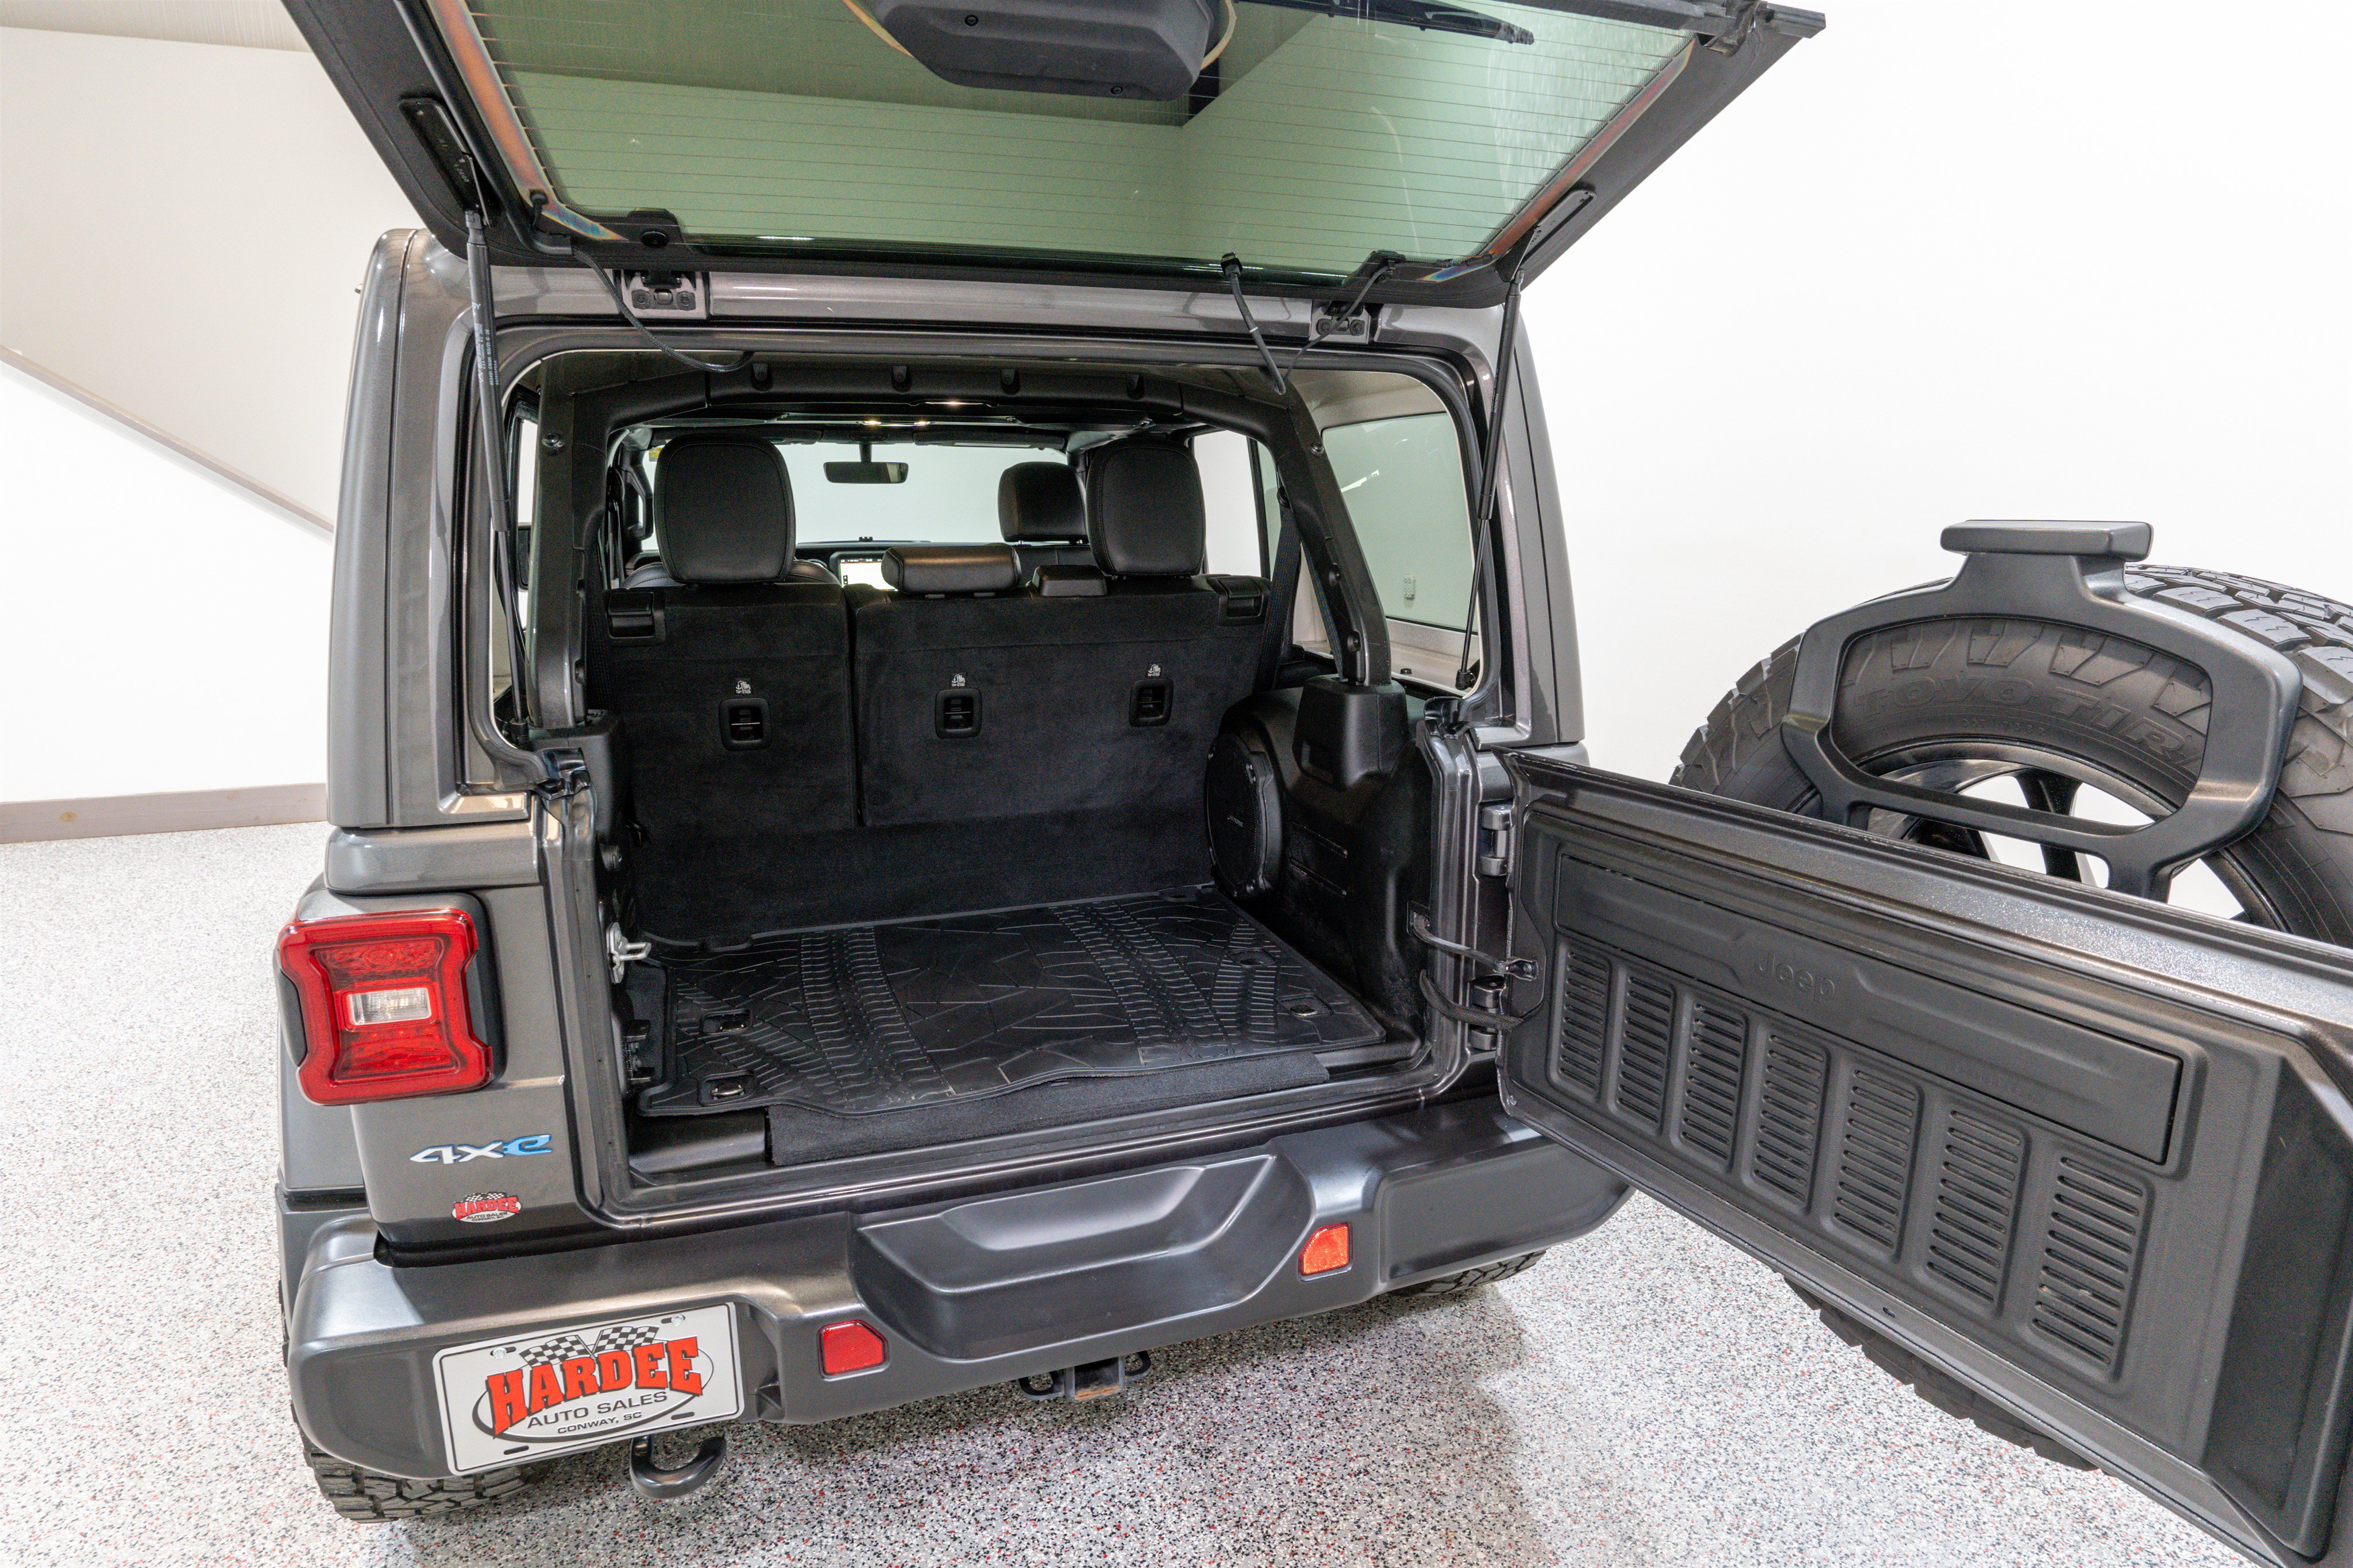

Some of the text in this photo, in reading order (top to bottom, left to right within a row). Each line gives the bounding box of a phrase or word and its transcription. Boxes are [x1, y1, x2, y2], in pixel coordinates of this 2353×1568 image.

[1855, 677, 2036, 719] TOYO
[1754, 951, 1836, 1004] Jeep
[454, 1195, 519, 1221] HARDEE
[485, 1336, 703, 1436] HARDEE
[527, 1391, 668, 1429] AUTO SALES
[557, 1411, 643, 1434] CONWAY, SC
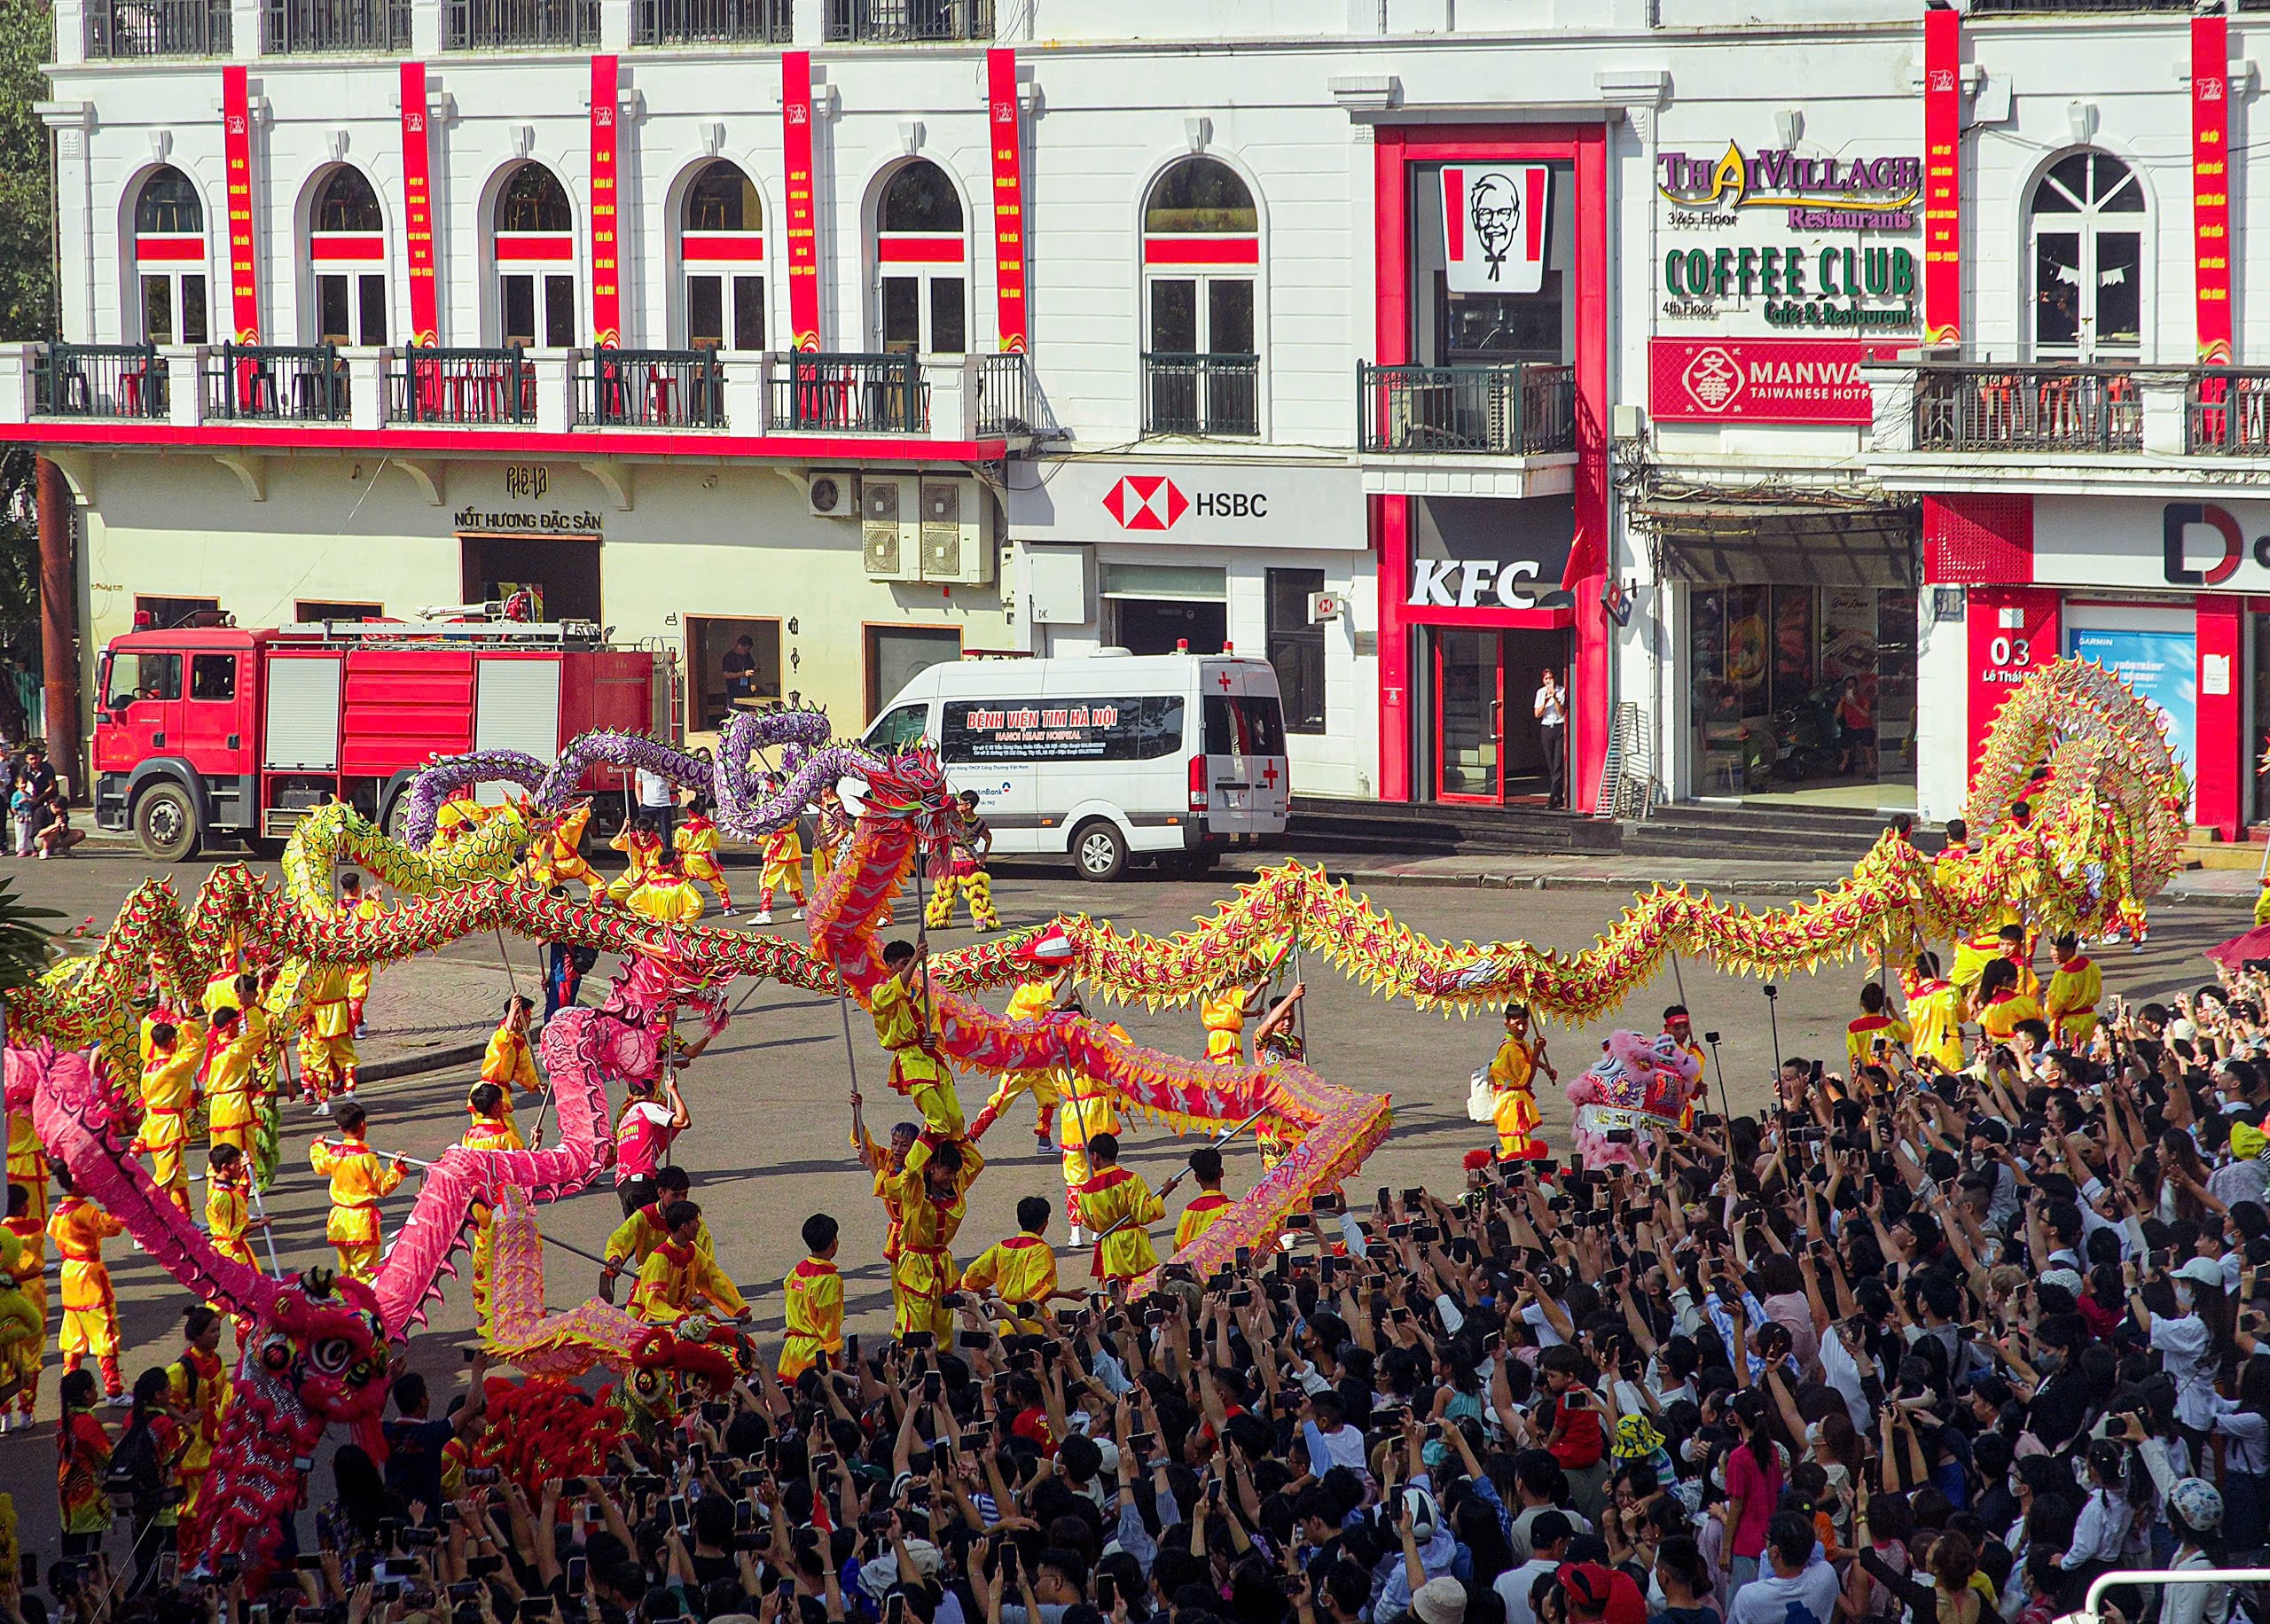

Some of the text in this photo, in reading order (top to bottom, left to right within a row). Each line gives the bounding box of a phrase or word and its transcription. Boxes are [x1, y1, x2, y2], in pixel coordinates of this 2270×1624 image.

[1702, 212, 1738, 225] Floor
[1787, 207, 1914, 229] Restaurants
[1666, 246, 1914, 295] COFFEE CLUB
[1663, 301, 1713, 314] 4th Floor
[1764, 300, 1914, 325] Café & Restaurant
[1693, 355, 1734, 405] 文華
[1750, 362, 1865, 384] MANWA
[1750, 387, 1872, 400] TAIWANESE HOTP
[454, 506, 482, 526] NỐT
[485, 511, 536, 527] HƯƠNG
[573, 511, 601, 529] SẢN
[1196, 493, 1268, 519] HSBC
[1408, 558, 1540, 608] KFC
[1937, 590, 1962, 613] 3B
[1990, 636, 2031, 666] 03
[1983, 670, 1997, 682] Lê
[1999, 670, 2022, 683] Thái
[967, 705, 1118, 732] BỆNH VIỆN TIM HÀ NỘI
[996, 730, 1081, 741] HANOI HEART HOSPITAL
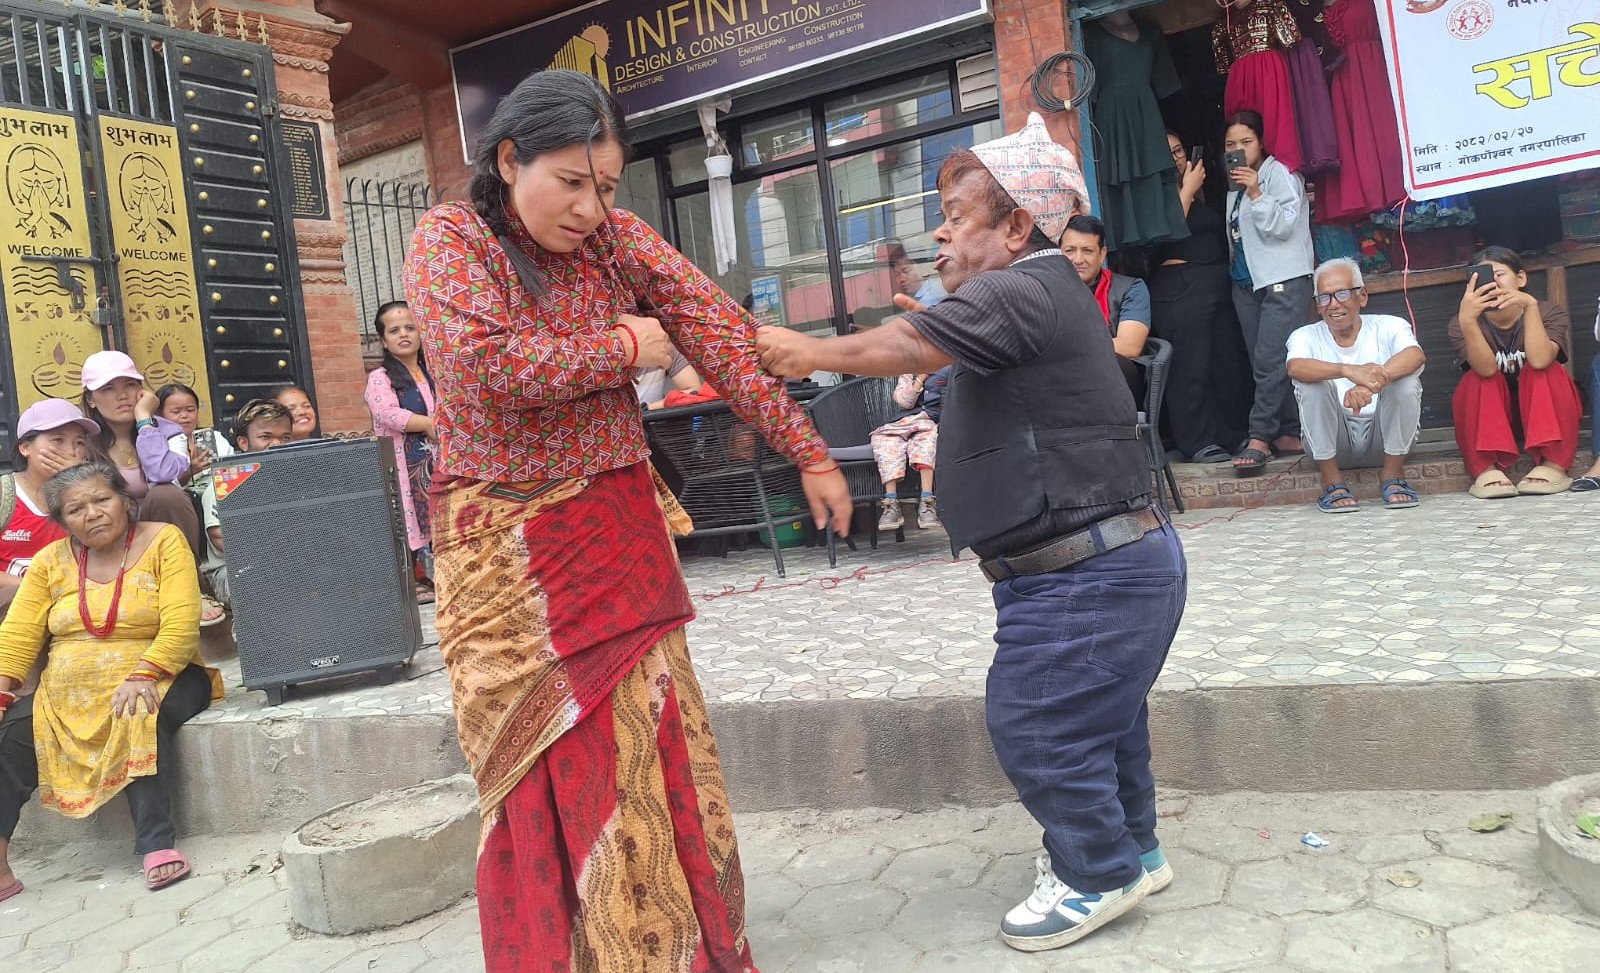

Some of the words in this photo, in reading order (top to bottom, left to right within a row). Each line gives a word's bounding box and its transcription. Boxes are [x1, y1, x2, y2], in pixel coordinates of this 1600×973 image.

[614, 50, 672, 81] DESIGN
[675, 46, 687, 62] &
[689, 2, 821, 57] CONSTRUCTION
[626, 0, 800, 58] INFINI
[616, 75, 665, 95] ARCHITECTURE
[686, 58, 719, 73] INTERIOR
[738, 36, 787, 57] ENGINEERING
[803, 11, 863, 36] CONSTRUCTION
[739, 53, 768, 68] CONTACT
[29, 121, 69, 139] लाभ
[106, 126, 136, 147] शुभ
[138, 131, 172, 148] लाभ
[1414, 143, 1438, 157] मिति
[1455, 125, 1534, 151] २०८२/०२/२७
[1416, 161, 1442, 174] स्थान
[1458, 147, 1515, 165] गोकर्णेश्वर
[1519, 132, 1587, 153] नगरपालिका
[8, 244, 83, 259] WELCOME
[121, 248, 187, 262] WELCOME
··········
• _Problem_: There is a line above that contains "Some of the words". Copy it and all later lines through the last, exactly, and leave out the rest.

• _Result for this task_:
Some of the words in this photo, in reading order (top to bottom, left to right within a row). Each line gives a word's bounding box and its transcription. Boxes are [x1, y1, x2, y2], in pixel coordinates of this 1600×973 image.

[614, 50, 672, 81] DESIGN
[675, 46, 687, 62] &
[689, 2, 821, 57] CONSTRUCTION
[626, 0, 800, 58] INFINI
[616, 75, 665, 95] ARCHITECTURE
[686, 58, 719, 73] INTERIOR
[738, 36, 787, 57] ENGINEERING
[803, 11, 863, 36] CONSTRUCTION
[739, 53, 768, 68] CONTACT
[29, 121, 69, 139] लाभ
[106, 126, 136, 147] शुभ
[138, 131, 172, 148] लाभ
[1414, 143, 1438, 157] मिति
[1455, 125, 1534, 151] २०८२/०२/२७
[1416, 161, 1442, 174] स्थान
[1458, 147, 1515, 165] गोकर्णेश्वर
[1519, 132, 1587, 153] नगरपालिका
[8, 244, 83, 259] WELCOME
[121, 248, 187, 262] WELCOME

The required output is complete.